Collected data entries
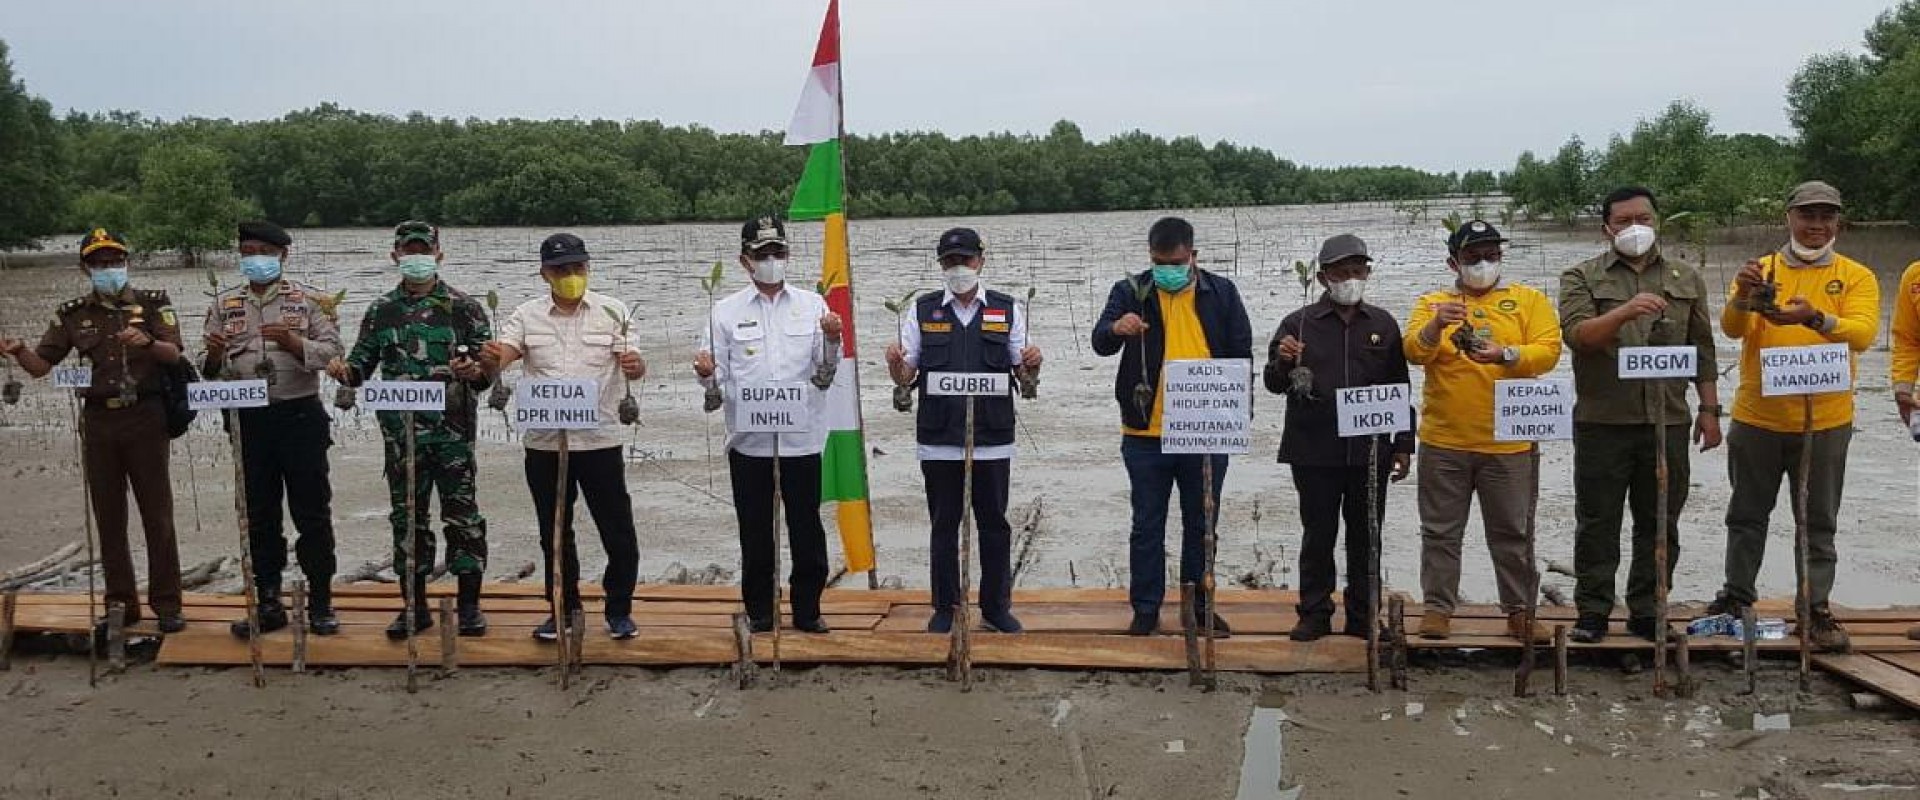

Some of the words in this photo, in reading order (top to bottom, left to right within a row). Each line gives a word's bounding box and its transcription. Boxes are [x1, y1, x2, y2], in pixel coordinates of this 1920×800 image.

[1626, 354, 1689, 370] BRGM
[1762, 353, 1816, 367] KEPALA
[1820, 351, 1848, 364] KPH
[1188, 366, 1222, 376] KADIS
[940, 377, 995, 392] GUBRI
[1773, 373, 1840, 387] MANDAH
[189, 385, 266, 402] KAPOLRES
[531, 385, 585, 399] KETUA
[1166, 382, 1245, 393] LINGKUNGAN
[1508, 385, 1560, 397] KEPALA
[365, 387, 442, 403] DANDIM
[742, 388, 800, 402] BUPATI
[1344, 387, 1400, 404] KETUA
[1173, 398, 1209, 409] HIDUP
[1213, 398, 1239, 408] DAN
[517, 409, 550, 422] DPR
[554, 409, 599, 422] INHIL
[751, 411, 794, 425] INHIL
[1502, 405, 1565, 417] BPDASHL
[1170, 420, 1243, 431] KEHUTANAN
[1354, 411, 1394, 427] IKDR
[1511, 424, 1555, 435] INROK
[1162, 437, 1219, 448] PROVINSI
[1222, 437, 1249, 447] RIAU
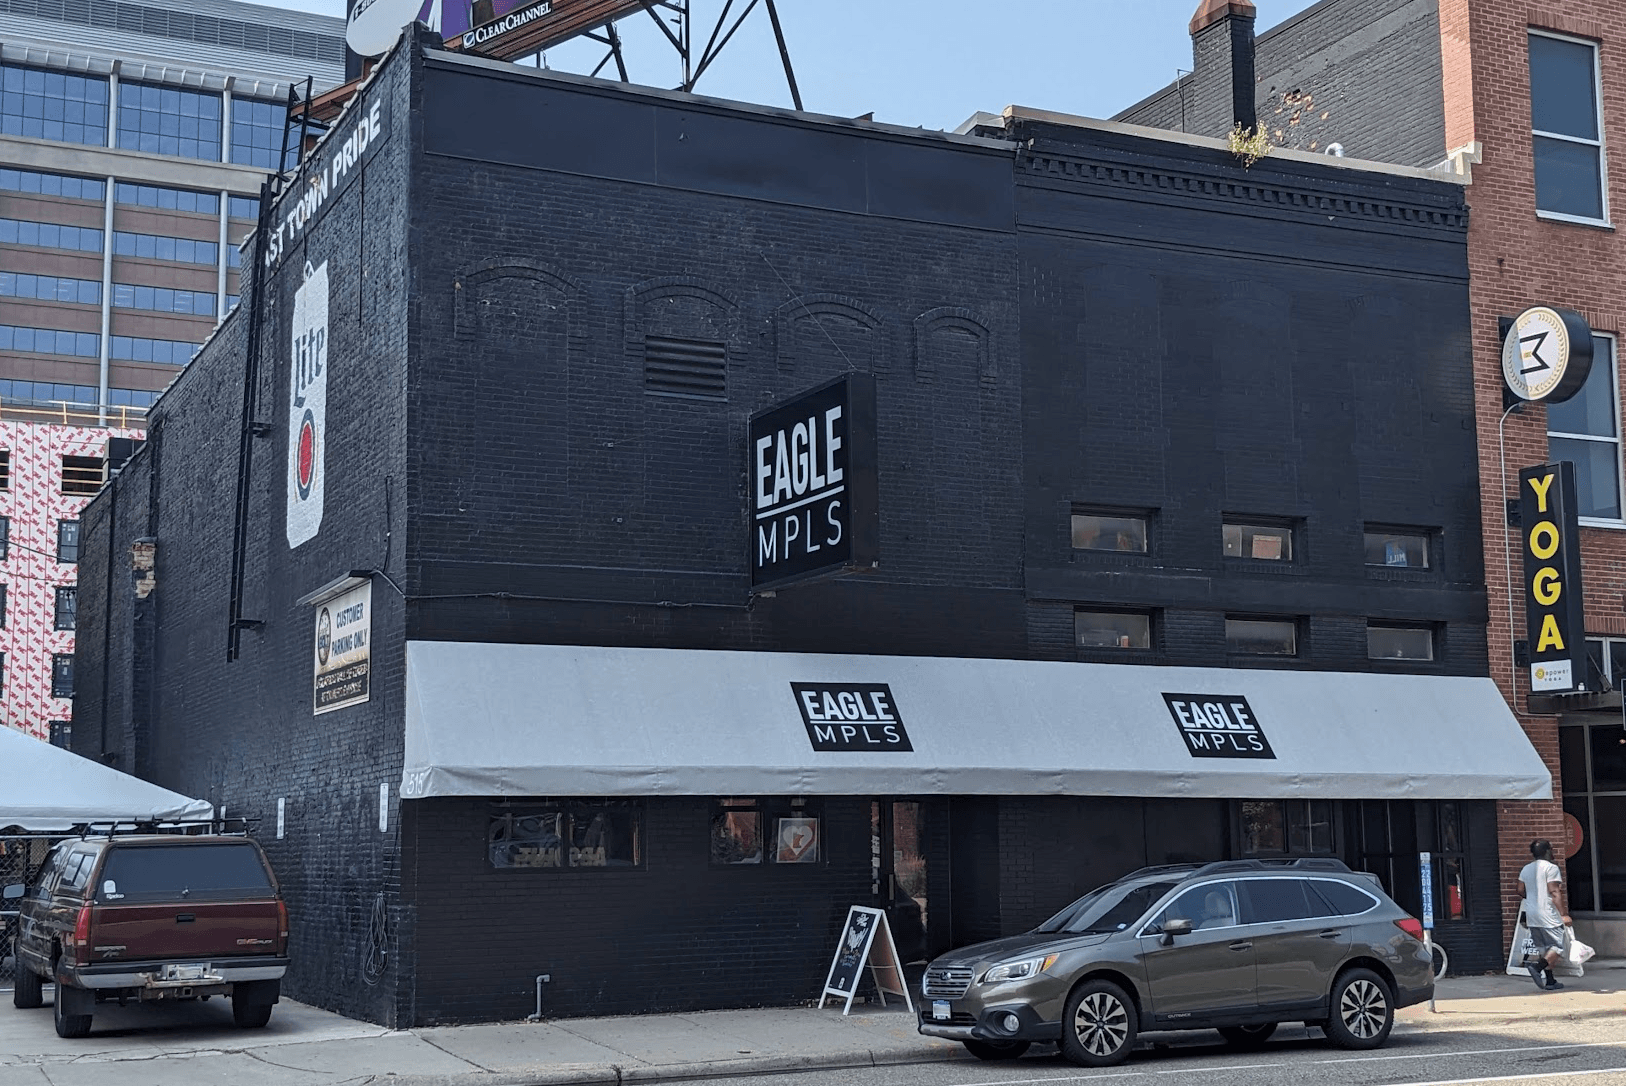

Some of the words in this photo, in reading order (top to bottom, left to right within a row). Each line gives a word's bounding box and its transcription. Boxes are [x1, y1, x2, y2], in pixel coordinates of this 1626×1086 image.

▶ **Work order**:
Line by line, retype the records above exactly, minus the images.

▶ **Task response**:
Some of the words in this photo, in reading order (top to bottom, left to right within a row). Each line gives a word's bounding box and its transcription. Boxes are [x1, y1, x2, y2], in pixel coordinates of this 1920×800 image.

[1626, 354, 1689, 370] BRGM
[1762, 353, 1816, 367] KEPALA
[1820, 351, 1848, 364] KPH
[1188, 366, 1222, 376] KADIS
[940, 377, 995, 392] GUBRI
[1773, 373, 1840, 387] MANDAH
[189, 385, 266, 402] KAPOLRES
[531, 385, 585, 399] KETUA
[1166, 382, 1245, 393] LINGKUNGAN
[1508, 385, 1560, 397] KEPALA
[365, 387, 442, 403] DANDIM
[742, 388, 800, 402] BUPATI
[1344, 387, 1400, 404] KETUA
[1173, 398, 1209, 409] HIDUP
[1213, 398, 1239, 408] DAN
[517, 409, 550, 422] DPR
[554, 409, 599, 422] INHIL
[751, 411, 794, 425] INHIL
[1502, 405, 1565, 417] BPDASHL
[1170, 420, 1243, 431] KEHUTANAN
[1354, 411, 1394, 427] IKDR
[1511, 424, 1555, 435] INROK
[1162, 437, 1219, 448] PROVINSI
[1222, 437, 1249, 447] RIAU

Some of the words in this photo, in reading order (top to bottom, left to right within a row). Each line gives a word's bounding box and its transcription. Boxes are [x1, y1, x2, y2], in pixel coordinates of this 1626×1086 image.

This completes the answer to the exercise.